Mortality rates (ITT population, 19%; PP population, 21%) and overall
adverse event rates (ITT population, 55%; PP population, 54%) were
also similar. Six patients (three in MT group and three in the CT
group) developed acute renal failure. In conclusion, the addition of
AMK to TAZ does not seem to be necessary for the treatment of SGP, even
after adjustment for the simplified acute physiology score (SAPS II) and type of SGP.
| |
INTRODUCTION |
Severe generalized peritonitis (SGP)
is frequently encountered, and the rate of mortality associated with
SGP ranges from 10 to 60% (17, 22, 24). Initial antibiotic
therapy, in addition to surgery, must be started early and must cover
all pathogens that can cause intra-abdominal infections (gram-negative
bacilli, anaerobes, and enterococci) (5, 17). The recent
increase in the rate of multiple-antibiotic resistance among
gram-negative bacilli such as Escherichia coli justifies
empiric initial treatment with a broad-spectrum antibiotic. The
treatment can subsequently be adapted according to antibiotic
susceptibility test results. The addition of an aminoglycoside to the
treatment regimen has many theoretical advantages: (i) a broader
spectrum of activity, (ii) increased synergy, (iii) increased
bactericidal effect, and (iv) prevention of emergence of resistant
strains (26). However, no study that has supported the use
of aminoglycosides for the treatment of SGP has been published in the
literature (14, 15). The aim of this study was to compare,
by means of an equivalence trial, the effect of a broad-spectrum
beta-lactam antibiotic (piperacillin-tazobactam) alone or in
combination with an aminoglycoside (amikacin) in the treatment of SGP.
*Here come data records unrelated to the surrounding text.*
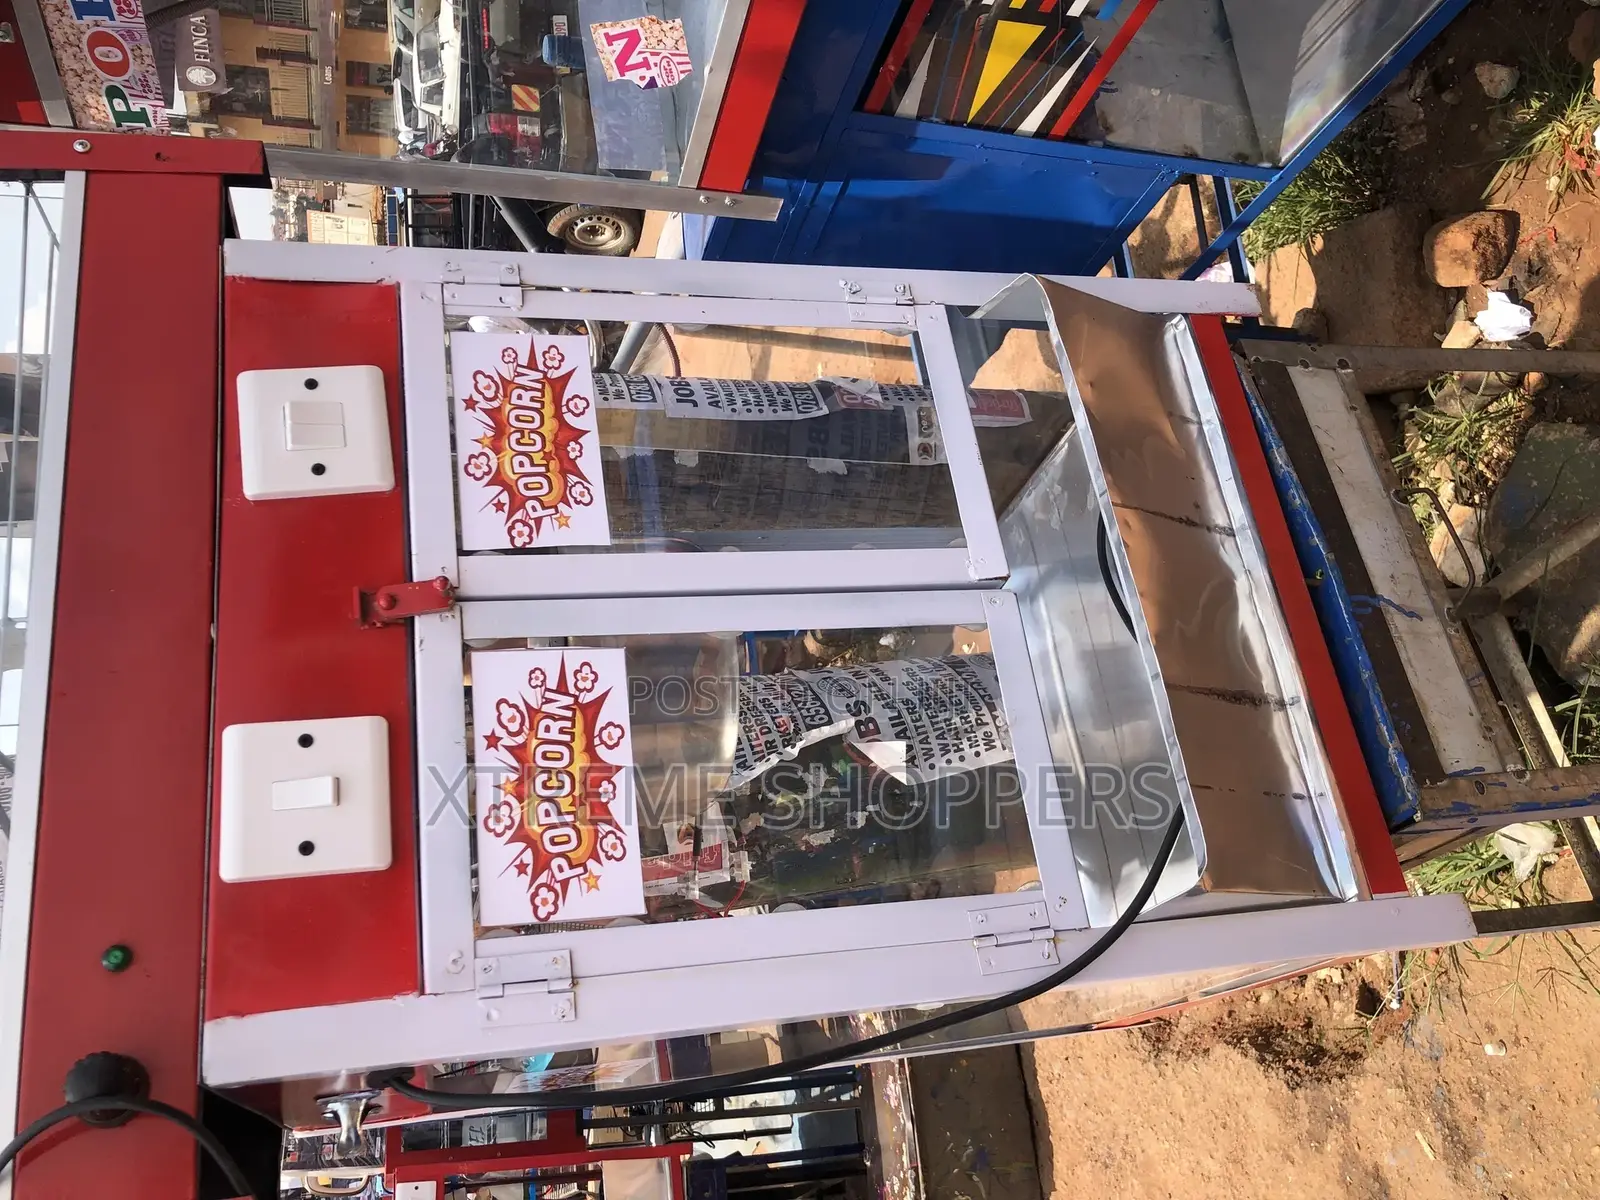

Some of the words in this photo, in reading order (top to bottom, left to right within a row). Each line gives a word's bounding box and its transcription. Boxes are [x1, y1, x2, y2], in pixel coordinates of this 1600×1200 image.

[189, 15, 211, 63] FINCA
[603, 28, 652, 77] N
[322, 65, 333, 85] Loans
[631, 383, 655, 402] 0781
[746, 385, 764, 407] HAIR
[782, 398, 794, 413] We
[793, 389, 820, 412] 0781
[511, 364, 557, 519] POPCORN
[897, 697, 935, 763] WAITERS
[942, 717, 966, 754] HAIR
[981, 730, 998, 753] We
[535, 689, 588, 880] POPCORN
(This work was presented in part at the 38th Interscience Conference on
Antimicrobial Agents and Chemotherapy, San Diego, Calif., 24 to 27 September 1998 [H. Dupont, C. Carbon, J. Carlet, H. Schweich, and
the SGP Study, Program 38th Intersci. Conf. Antimicrob. Agents
Chemother., abstr. MN-48, p. 602, 1998].)
| |
MATERIALS AND METHODS |
Participants.
This study was conducted in 35 centers in
France. The trial protocol was reviewed and approved by an independent
ethics committee in accordance with the ethical principles of the
Declaration of Helsinki. Informed consent was obtained from each
patient (or from his or her legal representative) before enrollment in
the study. Eligible patients were men or nonpregnant women, ages 18 years or older, with a clinical diagnosis of complicated
intra-abdominal infection according to previously published criteria
(30). Complicated intra-abdominal infection was defined by
the presence of severe sepsis for patients with community-acquired
infections and at least systemic inflammatory response syndrome (SIRS)
for patients with postoperative or nosocomial infections. SIRS and
severe sepsis were defined as reported previously (3). SIRS
was defined by two or more of the following conditions: (i)
temperature, >38°C or <36°C; (ii) heart rate, >90 beats/min;
(iii) respiratory rate of >20 breaths/min or partial arterial
CO2 pressure of <32 mmHg, and (iv) leukocyte count,
>12,000/mm3 or <4,000/mm3. Severe sepsis was
defined by at least one of the following criteria: (i) hypotension with
systolic blood pressure of <90 mmHg; (ii) oliguria (output, 
30
ml/h); (iii) acute alteration in mental status; (iv) coagulation
abnormalities, such as a prothrombin time of <50% or a platelet count
of <100,000/mm3; (v) partial arterial O2
pressure of <60 mm Hg or partial arterial O2
pressure/fractional inhibitory O2 pressure of <250; and
(vi) blood lactate concentration, >2 mmol/liter.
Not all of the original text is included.